> _PROBLEM DETAILS_
Retype the entries below word for word, leaving out every picture.

STUDY MATERIAL START

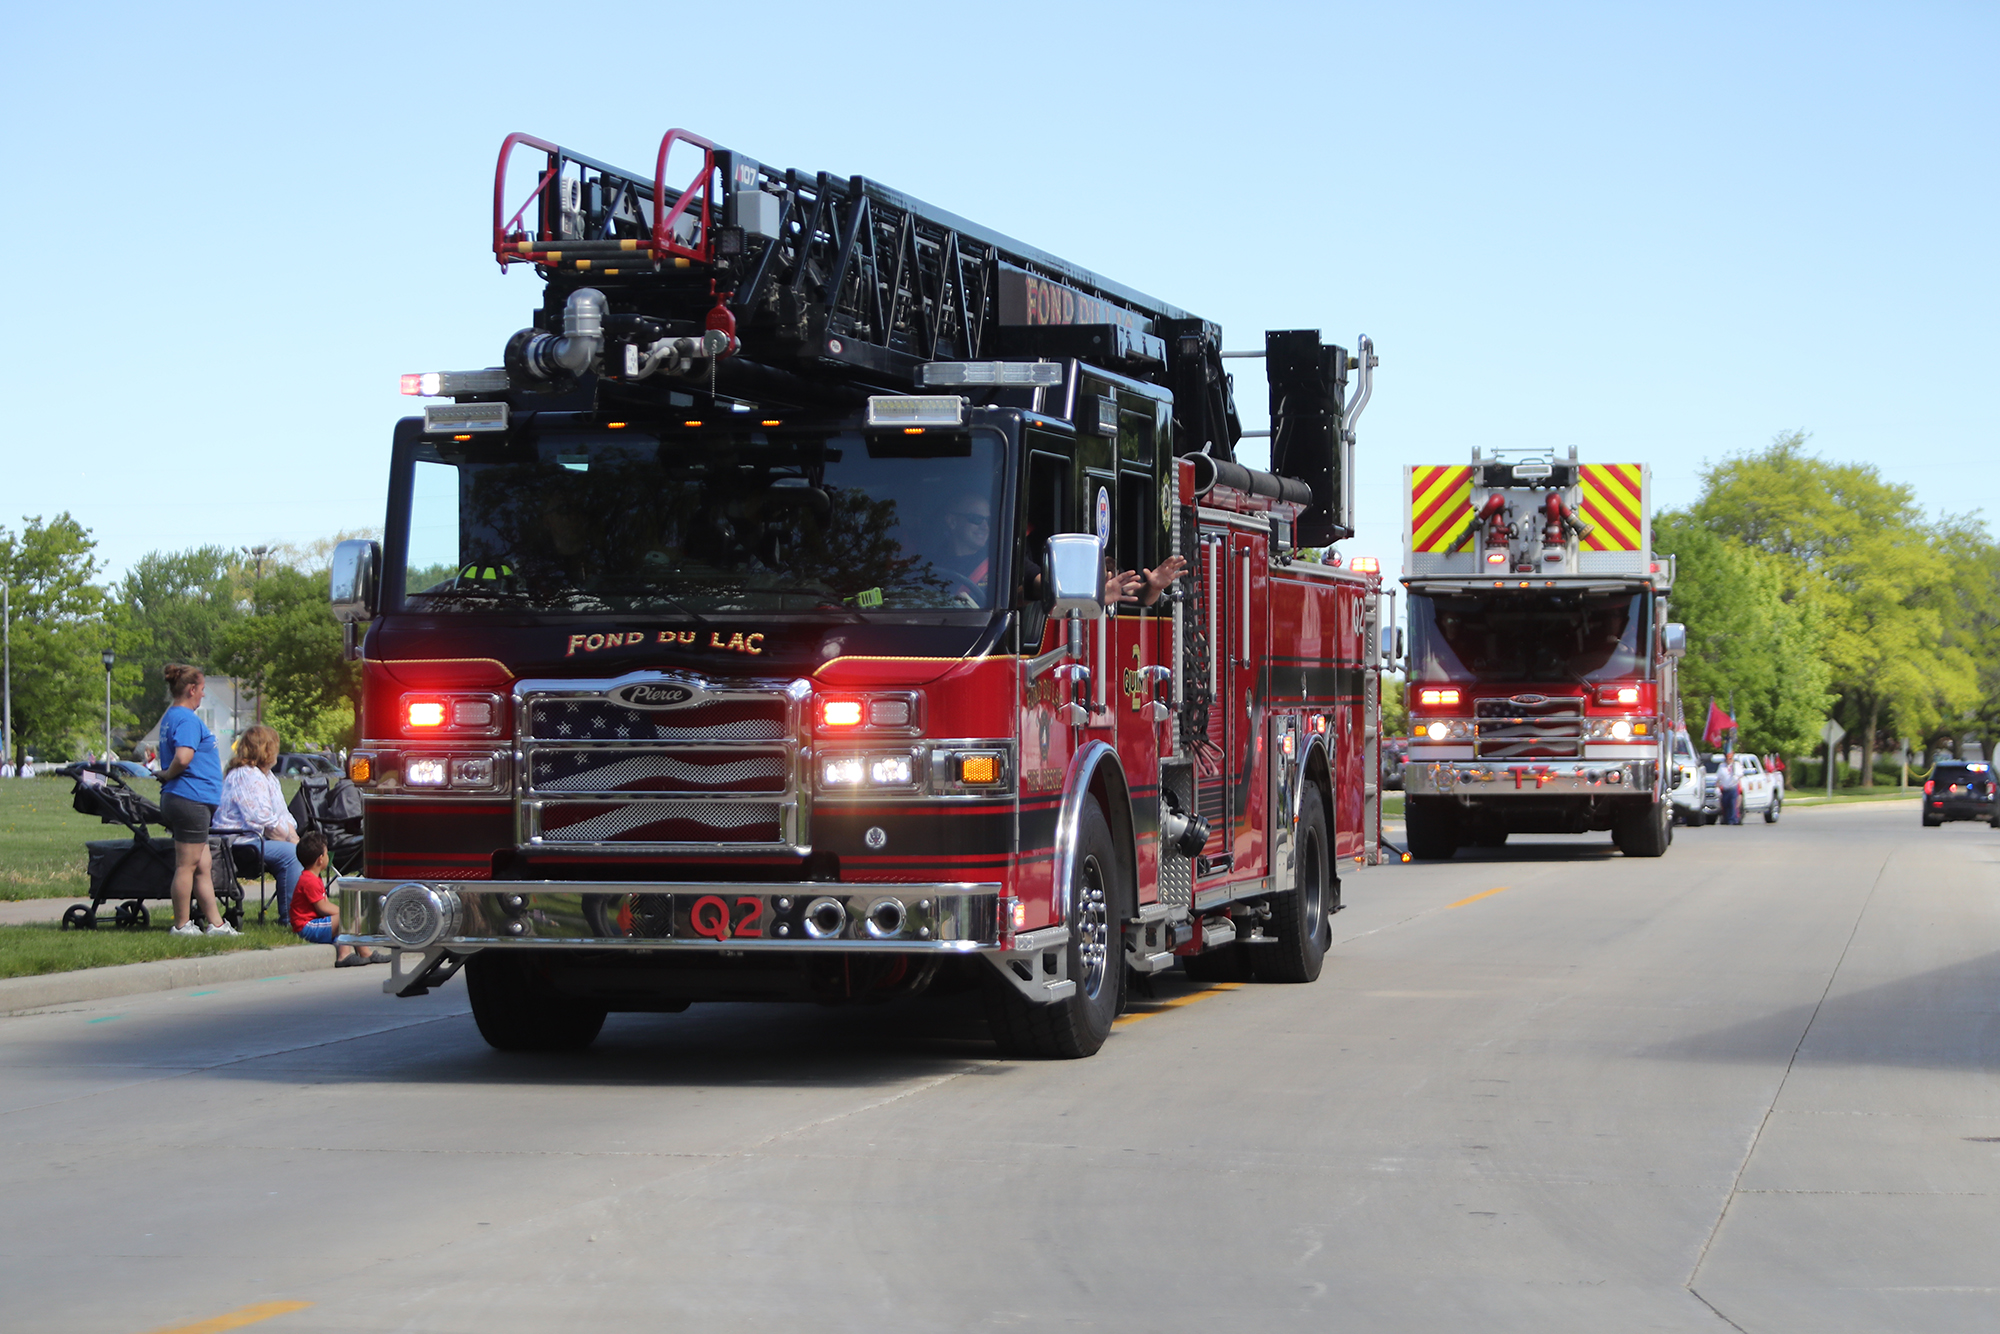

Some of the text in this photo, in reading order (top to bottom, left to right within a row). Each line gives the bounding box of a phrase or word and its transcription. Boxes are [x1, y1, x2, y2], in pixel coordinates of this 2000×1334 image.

[1026, 275, 1074, 325] FOND
[1353, 596, 1364, 637] Q2
[565, 631, 765, 657] FOND DU LAC
[629, 684, 683, 703] Pierce
[1508, 765, 1551, 789] T7
[690, 895, 763, 942] Q2
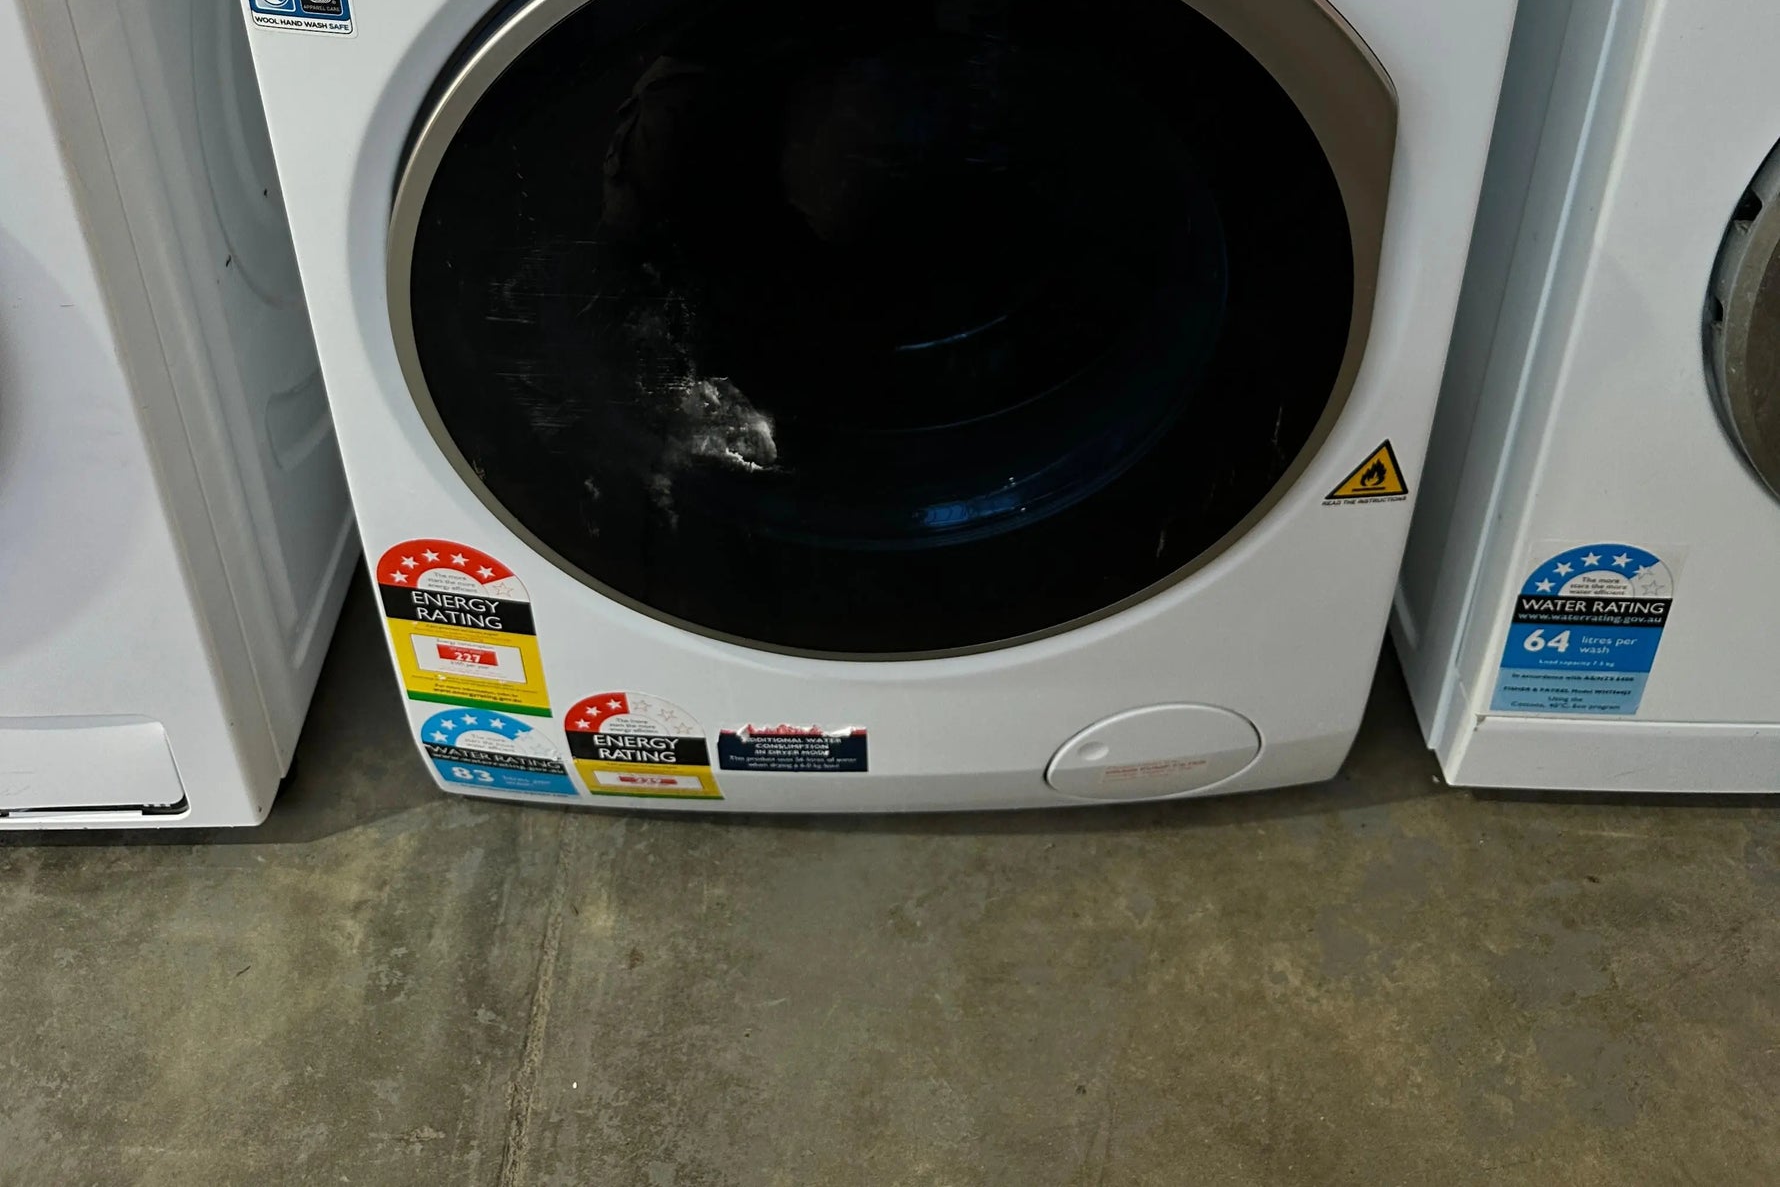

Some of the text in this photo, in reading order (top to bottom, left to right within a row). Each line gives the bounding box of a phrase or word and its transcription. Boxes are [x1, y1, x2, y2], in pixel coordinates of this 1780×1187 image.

STUDY MATERIAL END

> _WRITTEN SOLUTION_
Some of the text in this photo, in reading order (top to bottom, left to right within a row). Each line gives the bounding box of a phrase or word and its transcription. Boxes are [x1, y1, x2, y2], in pixel coordinates of this 2000×1334 image.

[1026, 275, 1074, 325] FOND
[1353, 596, 1364, 637] Q2
[565, 631, 765, 657] FOND DU LAC
[629, 684, 683, 703] Pierce
[1508, 765, 1551, 789] T7
[690, 895, 763, 942] Q2

Some of the text in this photo, in reading order (top to bottom, left to right within a row). Each line gives the bounding box of a phrase or word and its transcription. Boxes are [x1, y1, x2, y2], in pixel coordinates of this 1780×1187 image.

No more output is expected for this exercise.